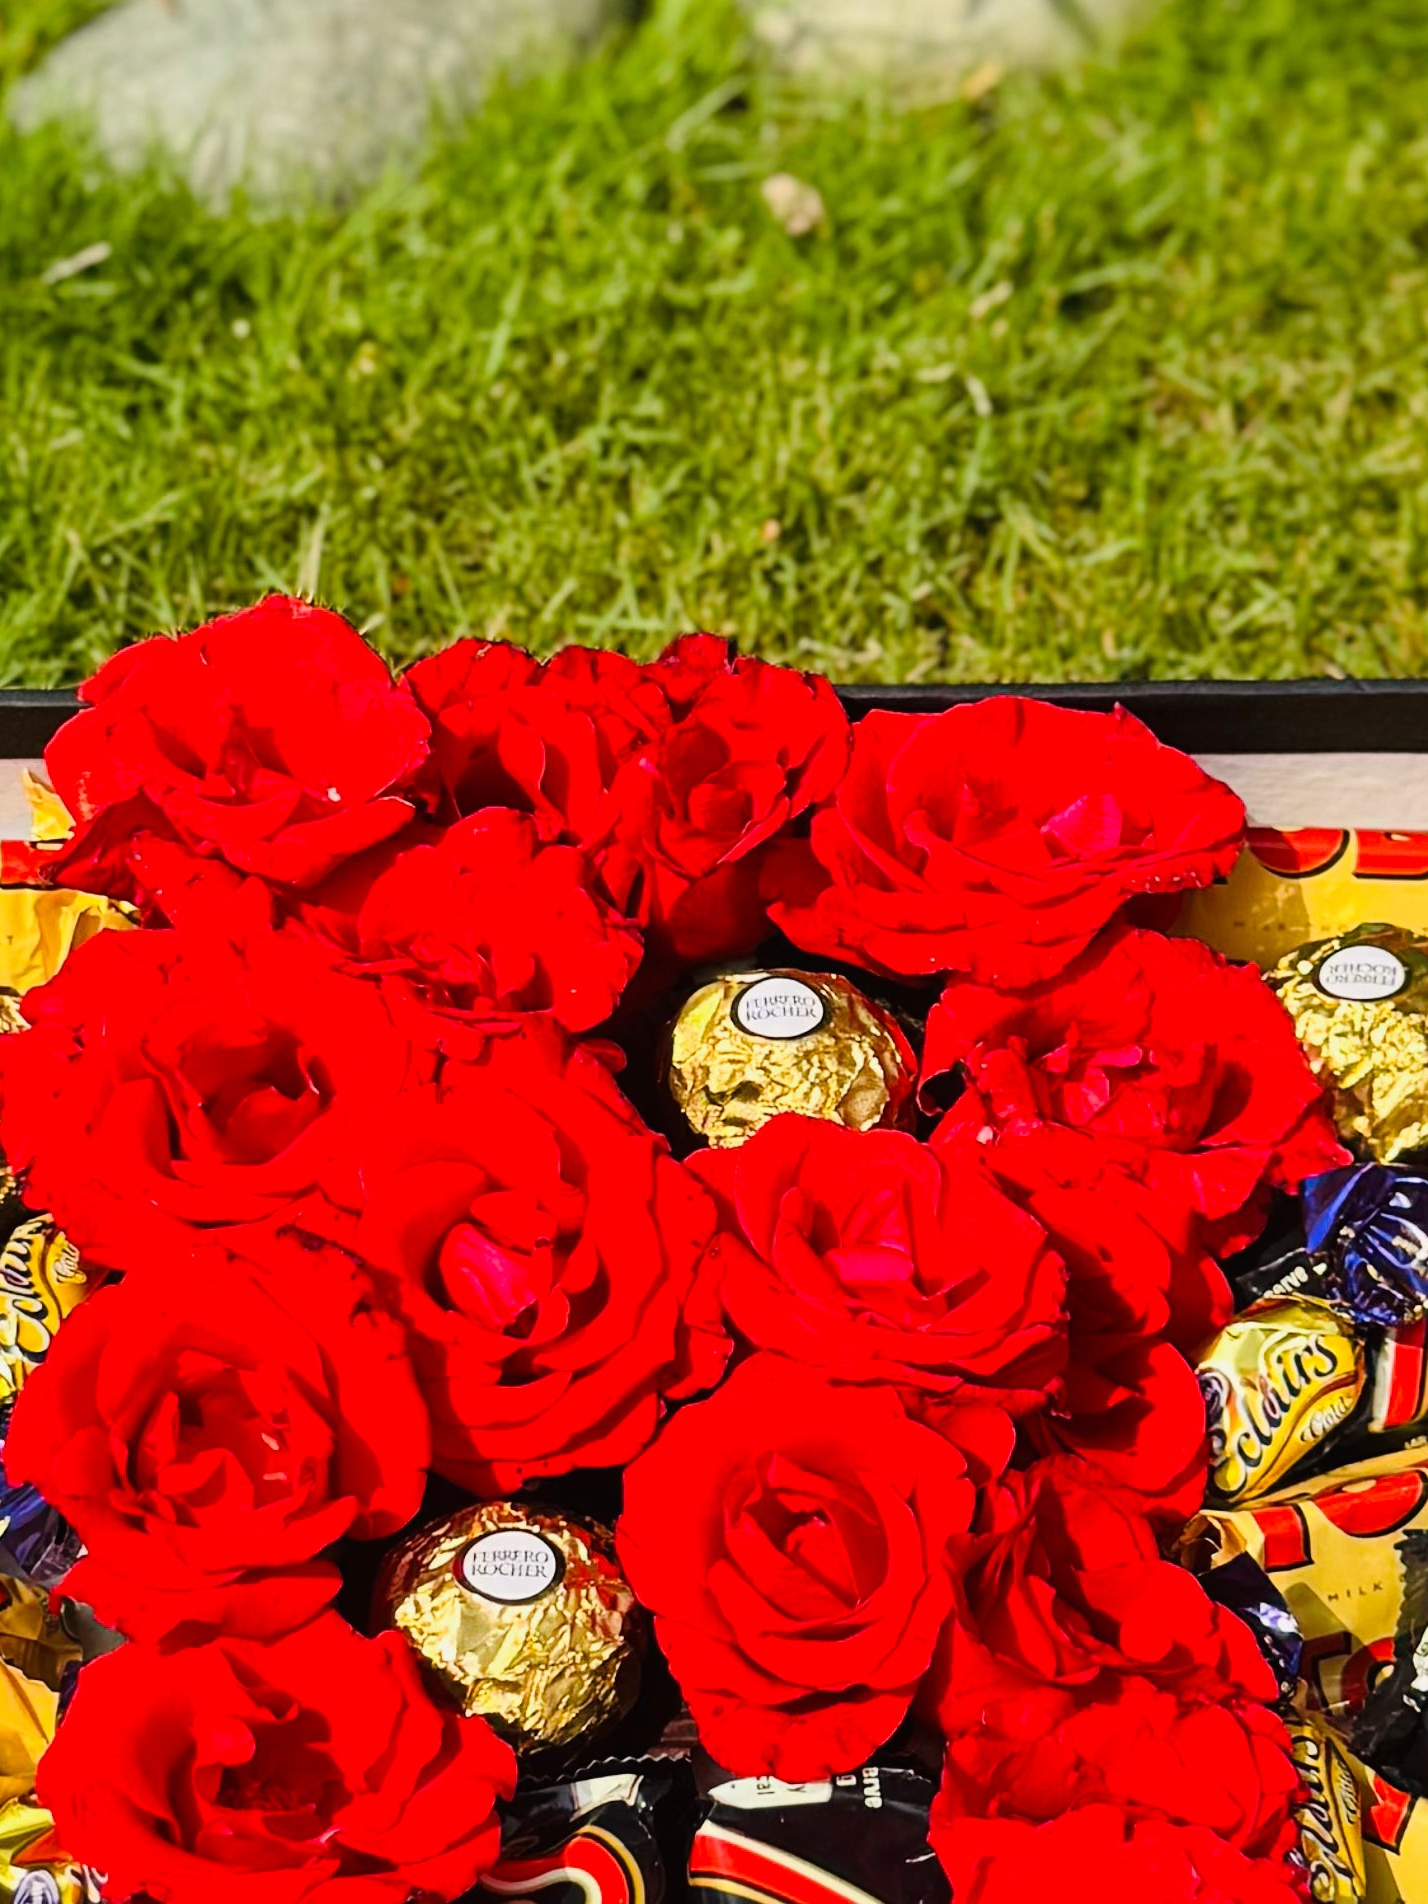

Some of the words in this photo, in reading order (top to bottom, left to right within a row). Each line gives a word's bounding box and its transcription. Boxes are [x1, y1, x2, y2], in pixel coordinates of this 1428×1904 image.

[744, 994, 816, 1009] FERRERO
[745, 1004, 818, 1021] ROCHER
[472, 1549, 549, 1564] FERRERO
[471, 1562, 549, 1579] ROCHER
[1327, 1581, 1384, 1602] MILK
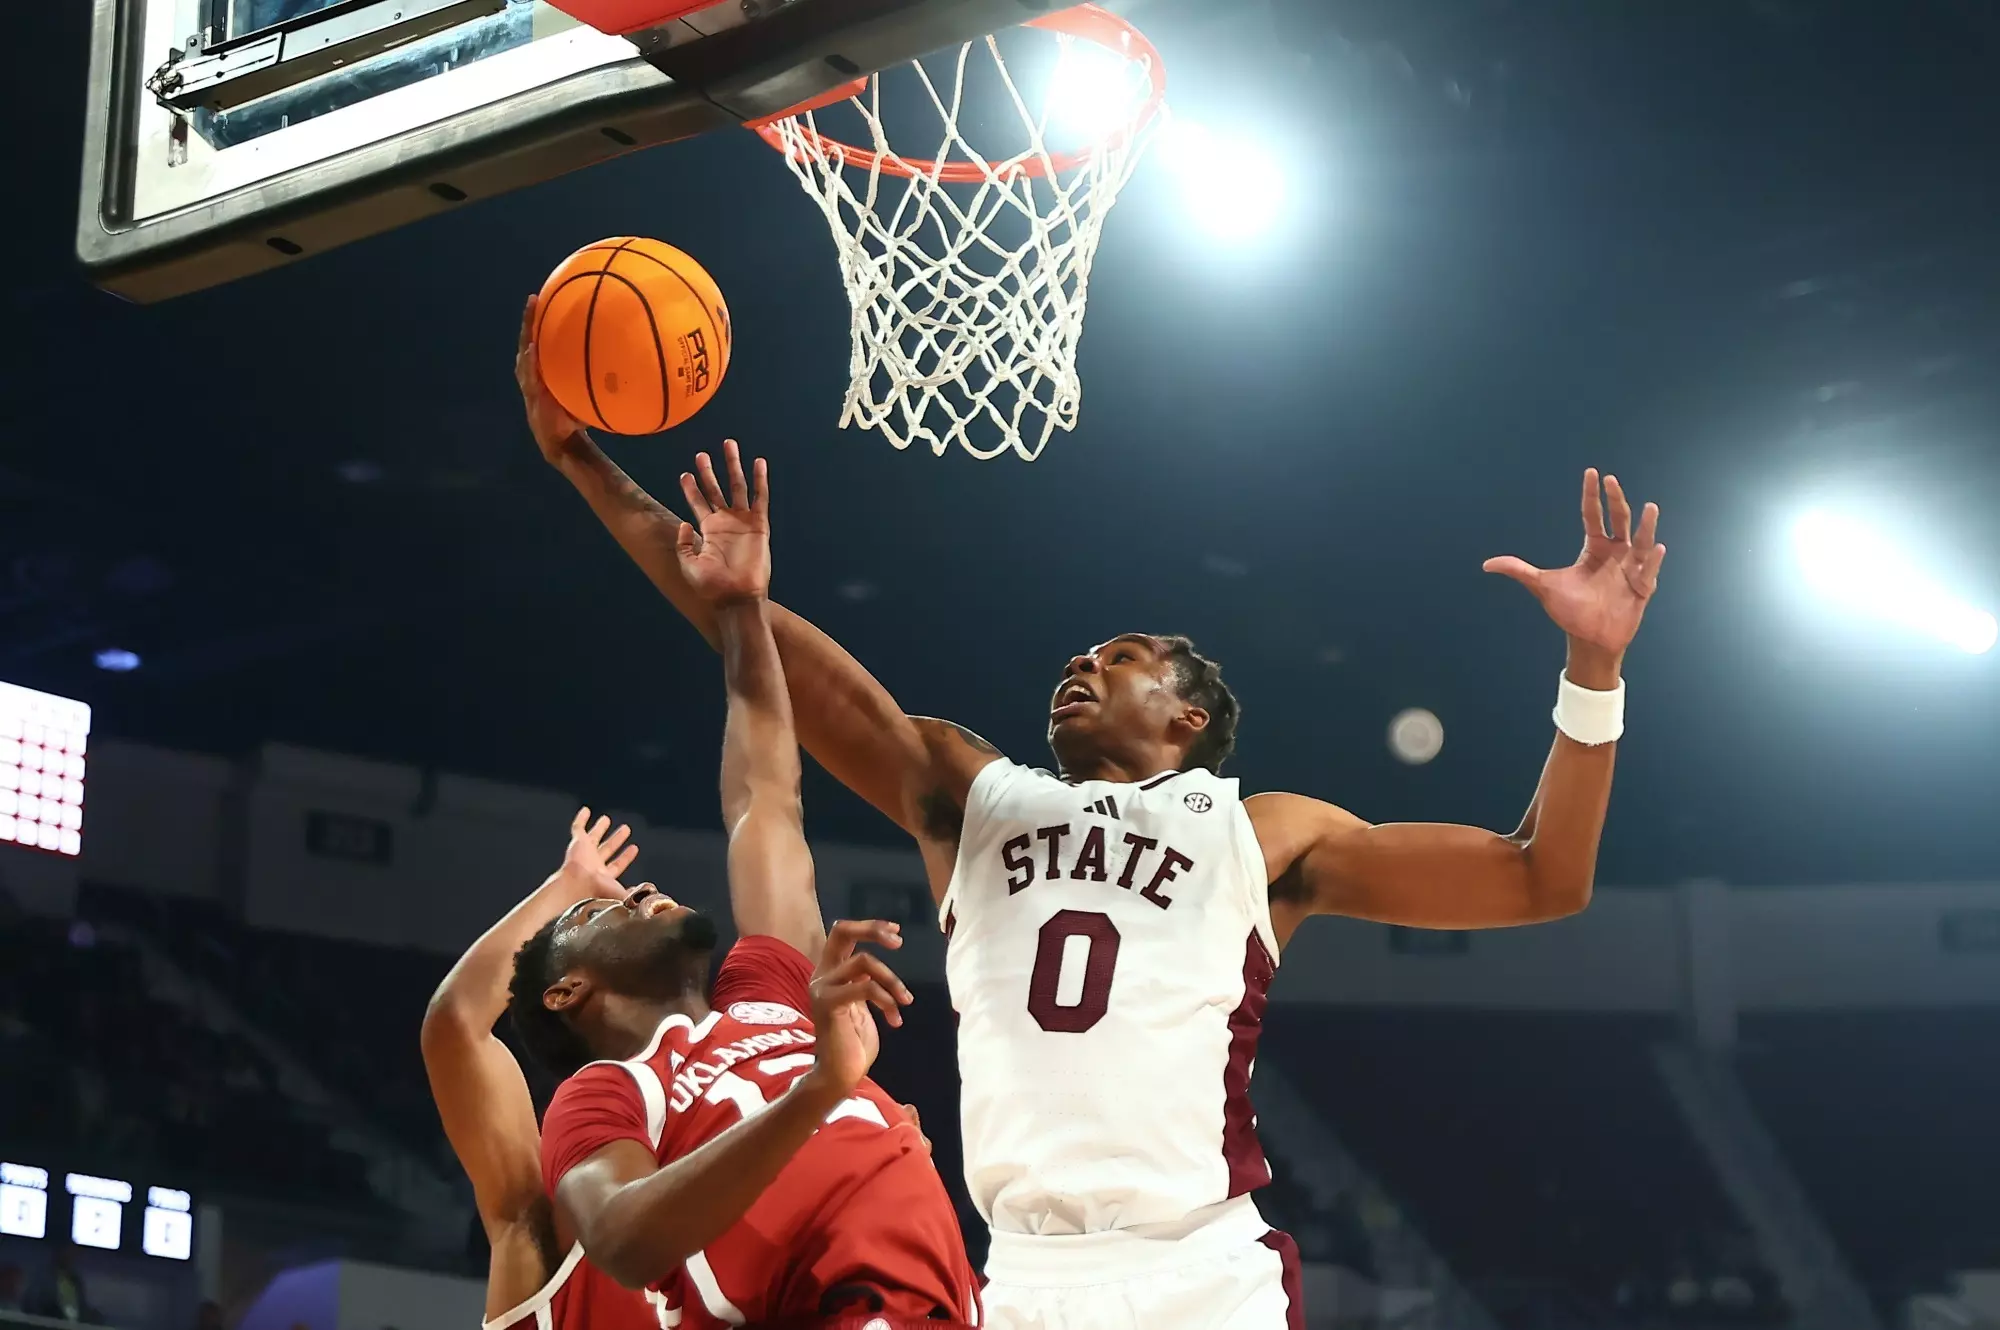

____________________

## [Work to complete]
Retype all of the data above word for word, excluding the pictures.

## [Solution]
Some of the words in this photo, in reading order (top to bottom, left to right within a row). Each line gives a word's bounding box and its transcription. Boxes are [x1, y1, x2, y2], in pixel coordinates of this 1428×1904 image.

[744, 994, 816, 1009] FERRERO
[745, 1004, 818, 1021] ROCHER
[472, 1549, 549, 1564] FERRERO
[471, 1562, 549, 1579] ROCHER
[1327, 1581, 1384, 1602] MILK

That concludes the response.